# EXERCISE MATERIALS
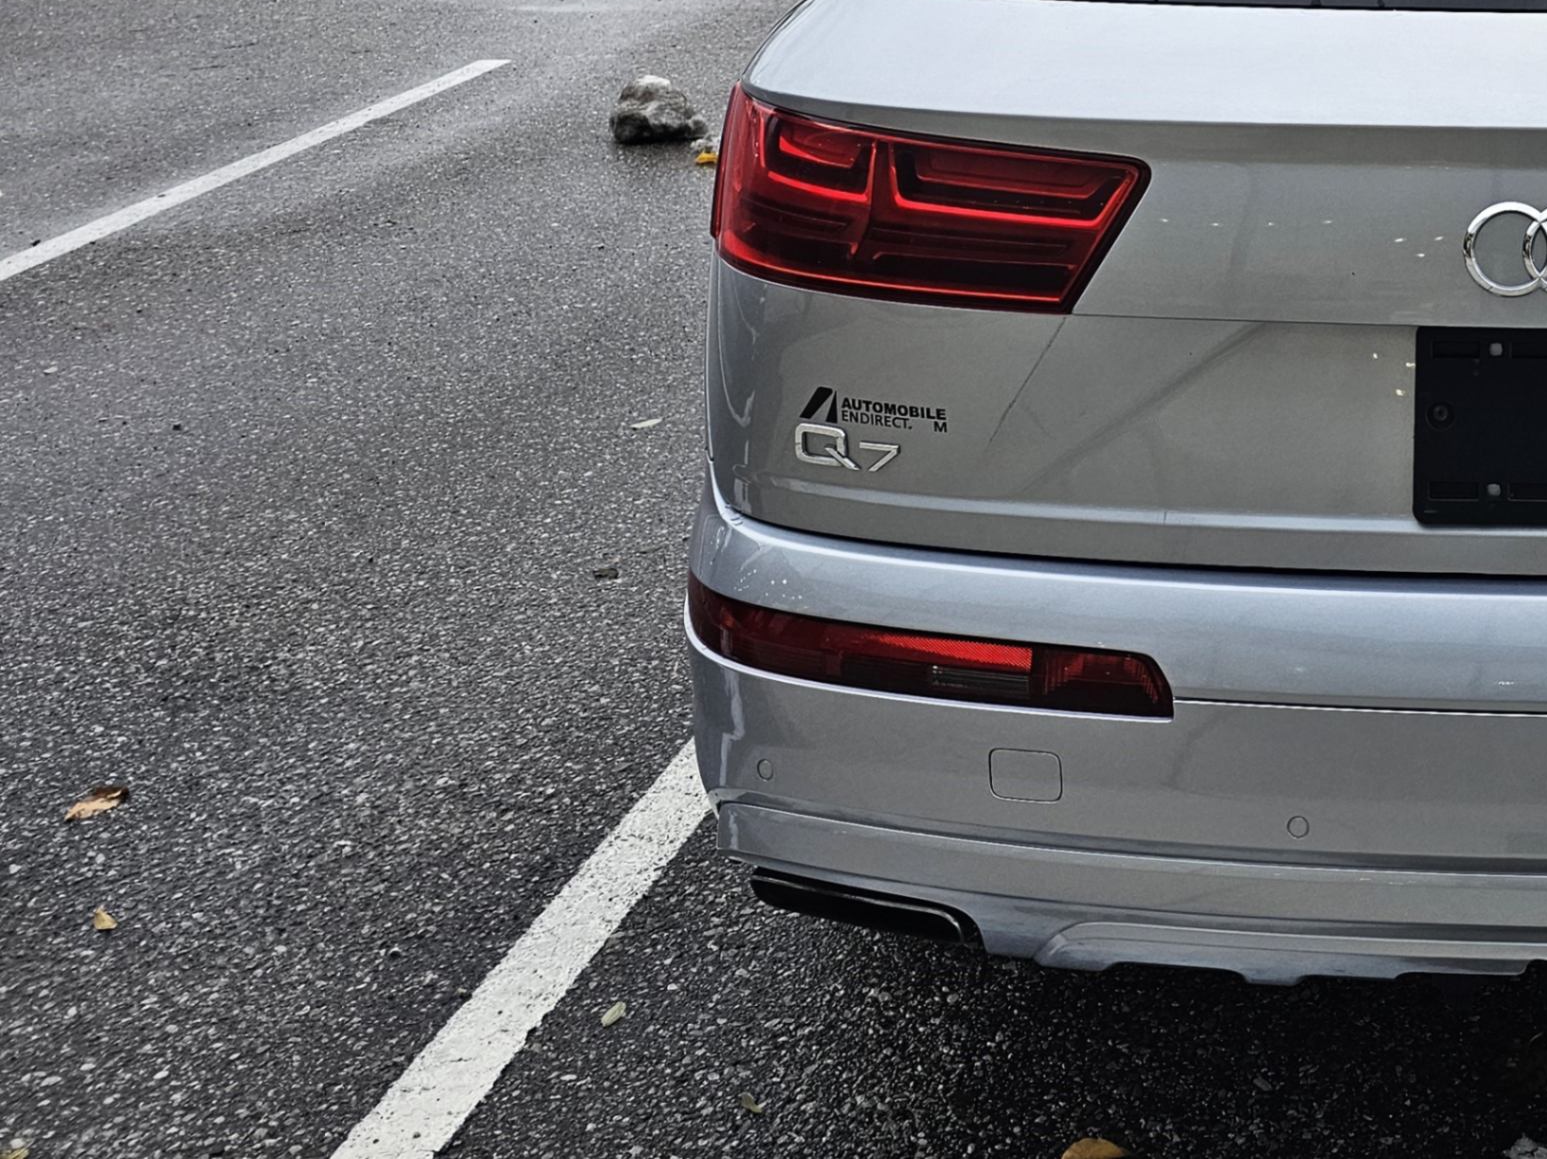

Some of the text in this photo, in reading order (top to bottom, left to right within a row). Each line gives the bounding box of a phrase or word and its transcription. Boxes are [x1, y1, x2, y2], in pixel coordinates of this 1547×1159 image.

[841, 397, 947, 421] AUTOMOBILE
[933, 421, 948, 433] M
[795, 422, 900, 472] Q7
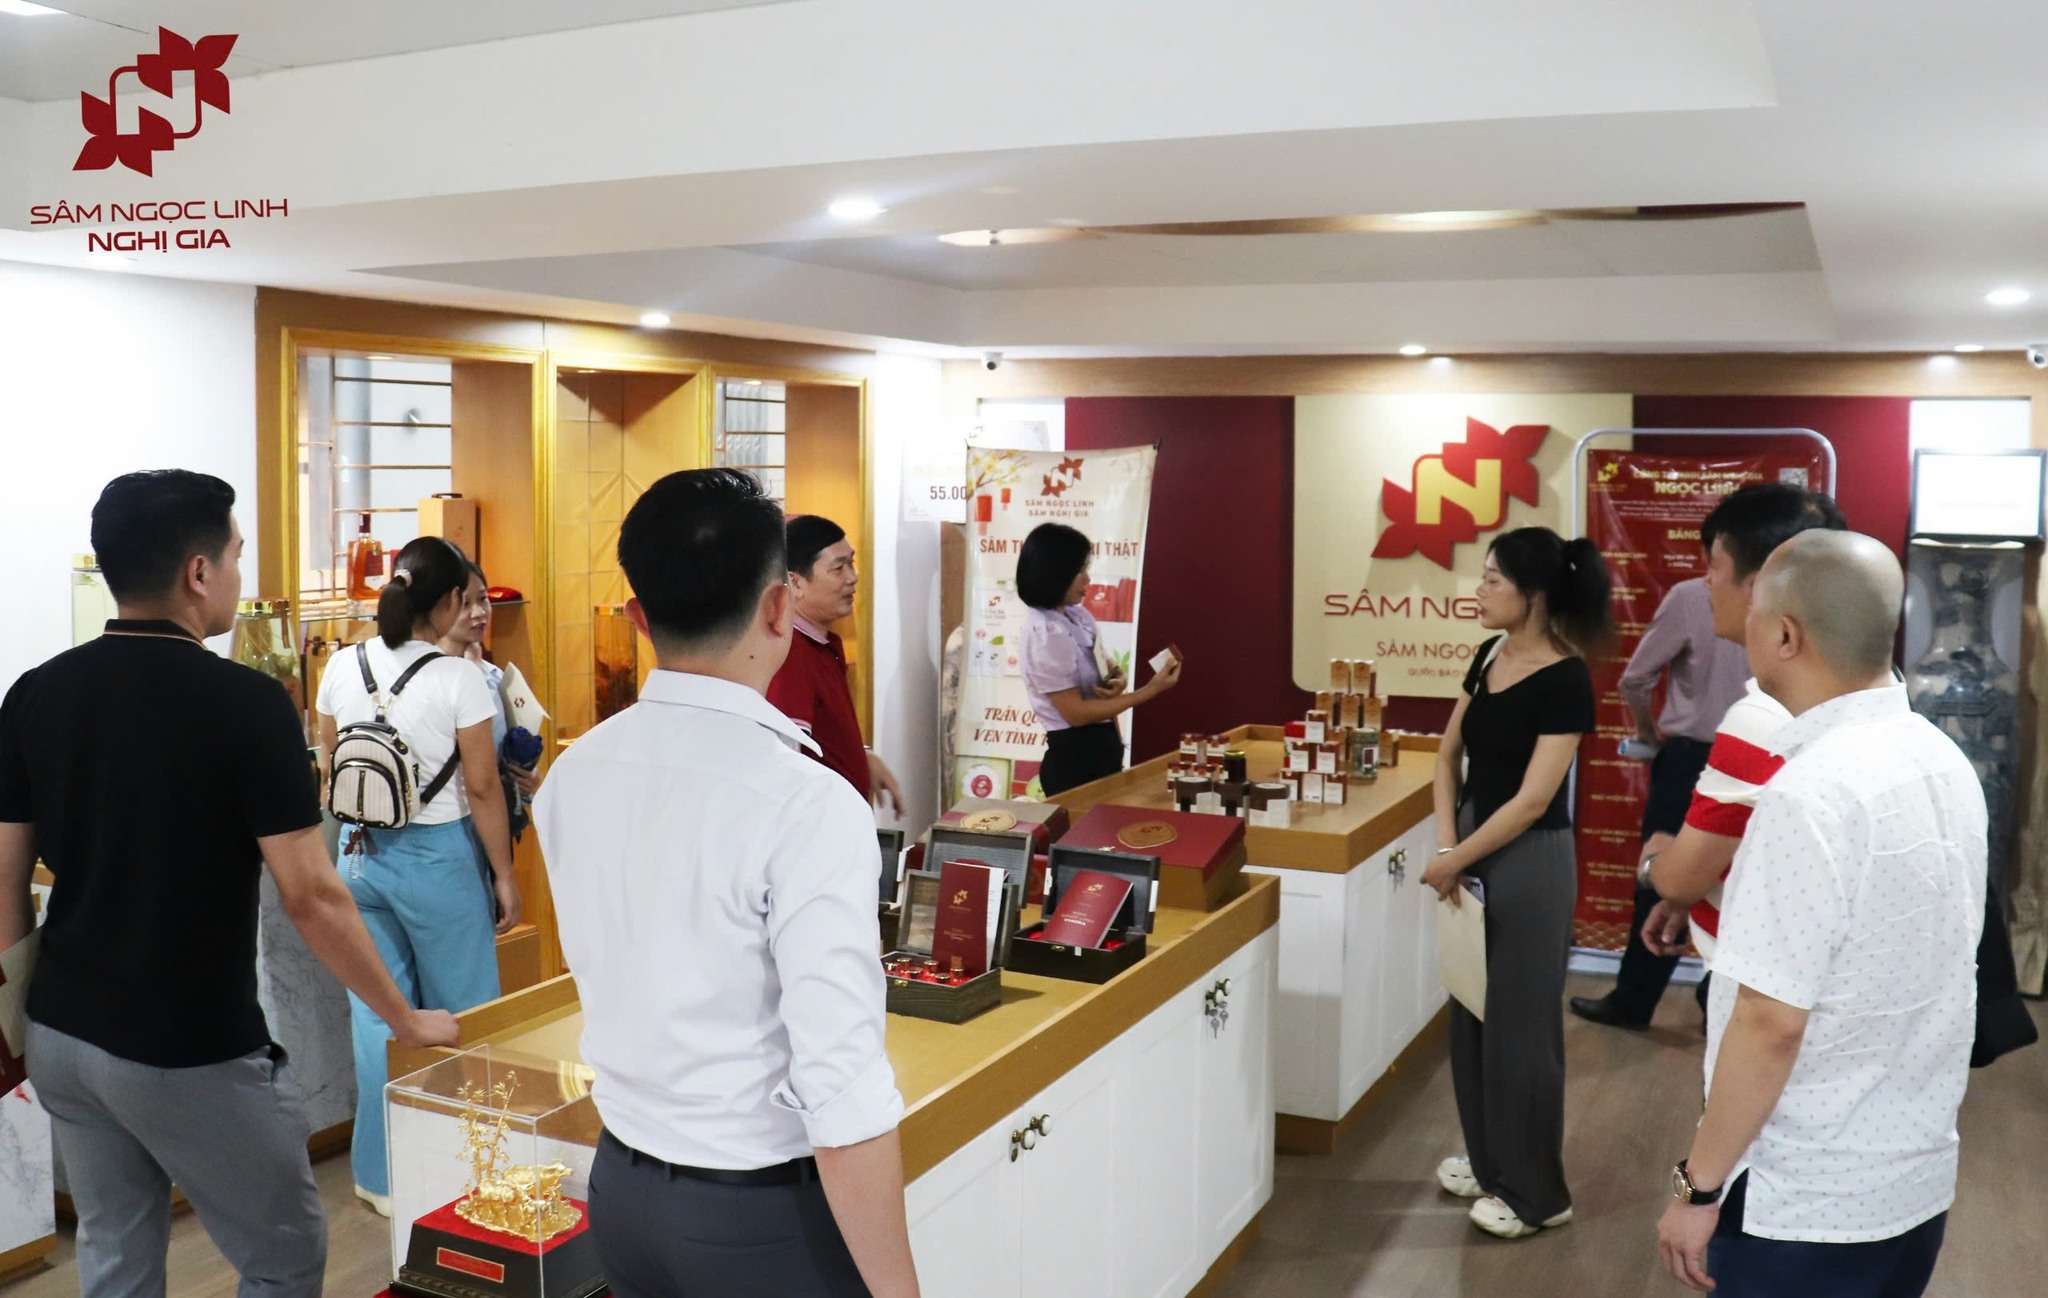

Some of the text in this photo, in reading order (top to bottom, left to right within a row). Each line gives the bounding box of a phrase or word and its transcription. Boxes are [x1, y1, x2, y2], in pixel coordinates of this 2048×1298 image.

[1654, 481, 1701, 497] NGỌC
[980, 535, 1007, 553] SÂM
[1104, 538, 1139, 560] THẬT
[1324, 588, 1480, 620] SÂM NG
[1376, 637, 1417, 657] SÂM
[974, 728, 1003, 746] VẸN
[1005, 728, 1038, 746] TÌNH
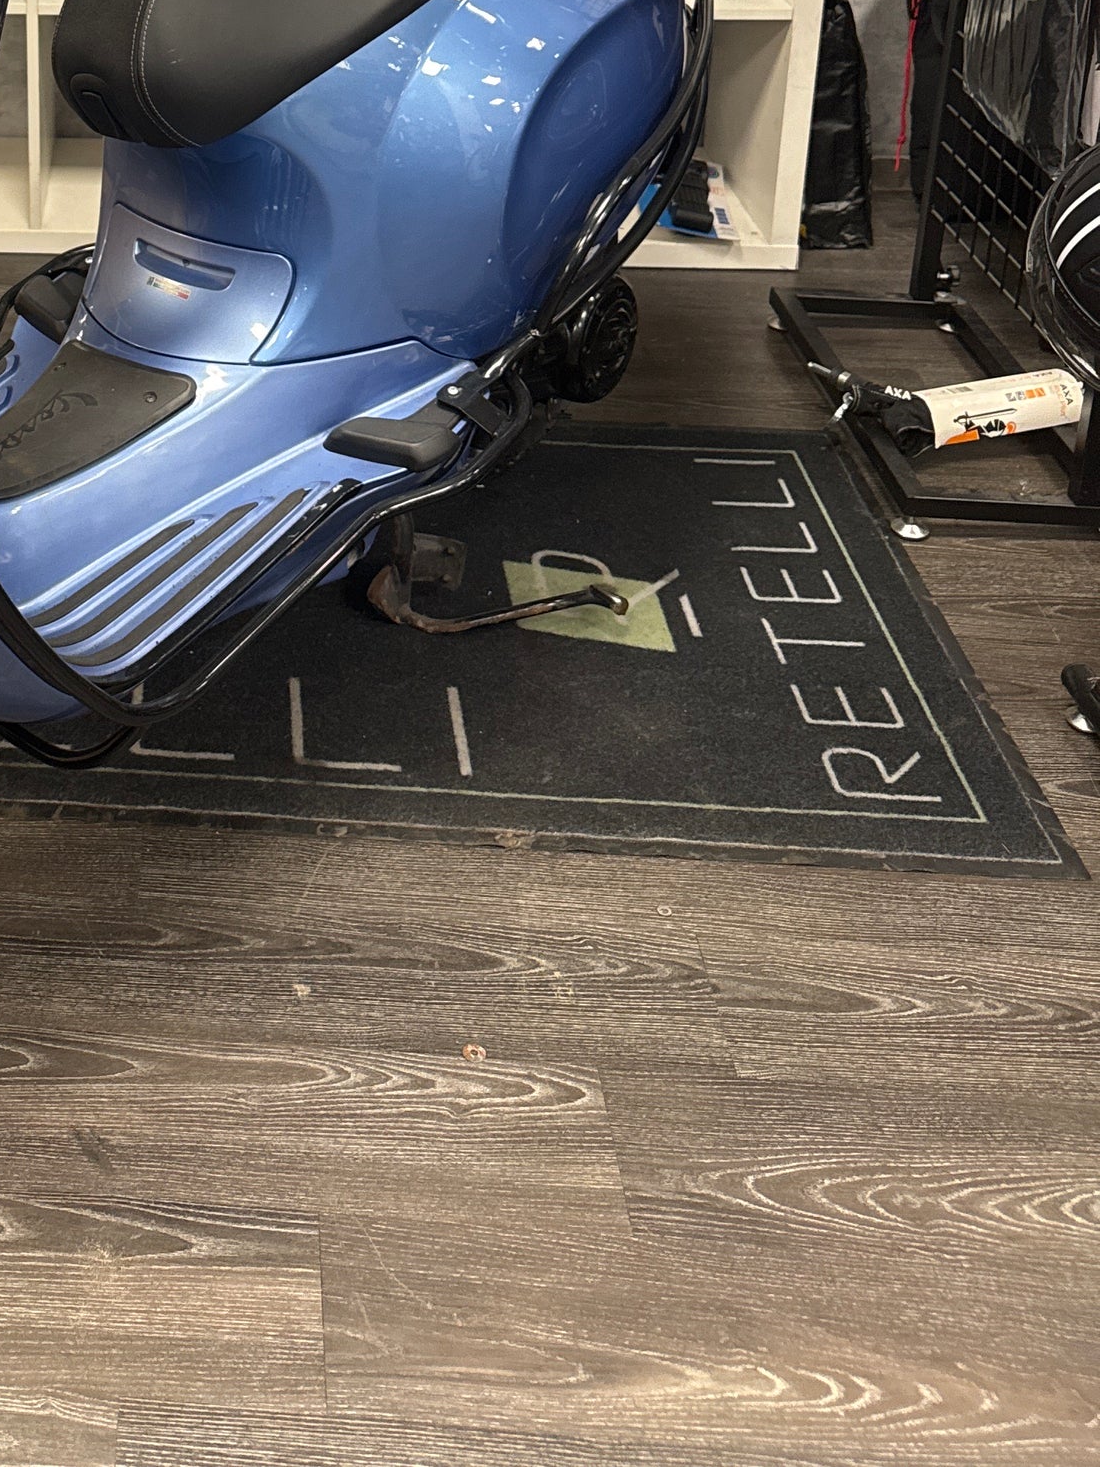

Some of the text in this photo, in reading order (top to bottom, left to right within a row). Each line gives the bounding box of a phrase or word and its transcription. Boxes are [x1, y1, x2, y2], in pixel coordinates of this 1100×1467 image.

[884, 385, 911, 401] AXA
[1060, 384, 1074, 405] AXA
[693, 454, 943, 804] RETELLI

# WORK TO COMPLETE
Each entry above should be given again exactly, with its pictures omitted.

# EXERCISE OUTPUT
Some of the text in this photo, in reading order (top to bottom, left to right within a row). Each line gives the bounding box of a phrase or word and its transcription. Boxes are [x1, y1, x2, y2], in pixel coordinates of this 1547×1159 image.

[841, 397, 947, 421] AUTOMOBILE
[933, 421, 948, 433] M
[795, 422, 900, 472] Q7

Some of the text in this photo, in reading order (top to bottom, left to right within a row). Each line gives the bounding box of a phrase or word and its transcription. Boxes are [x1, y1, x2, y2], in pixel coordinates of this 2048×1298 image.

[1654, 481, 1701, 497] NGỌC
[980, 535, 1007, 553] SÂM
[1104, 538, 1139, 560] THẬT
[1324, 588, 1480, 620] SÂM NG
[1376, 637, 1417, 657] SÂM
[974, 728, 1003, 746] VẸN
[1005, 728, 1038, 746] TÌNH

Some of the text in this photo, in reading order (top to bottom, left to right within a row). Each line gives the bounding box of a phrase or word and its transcription. Boxes are [x1, y1, x2, y2], in pixel coordinates of this 1100×1467 image.

[884, 385, 911, 401] AXA
[1060, 384, 1074, 405] AXA
[693, 454, 943, 804] RETELLI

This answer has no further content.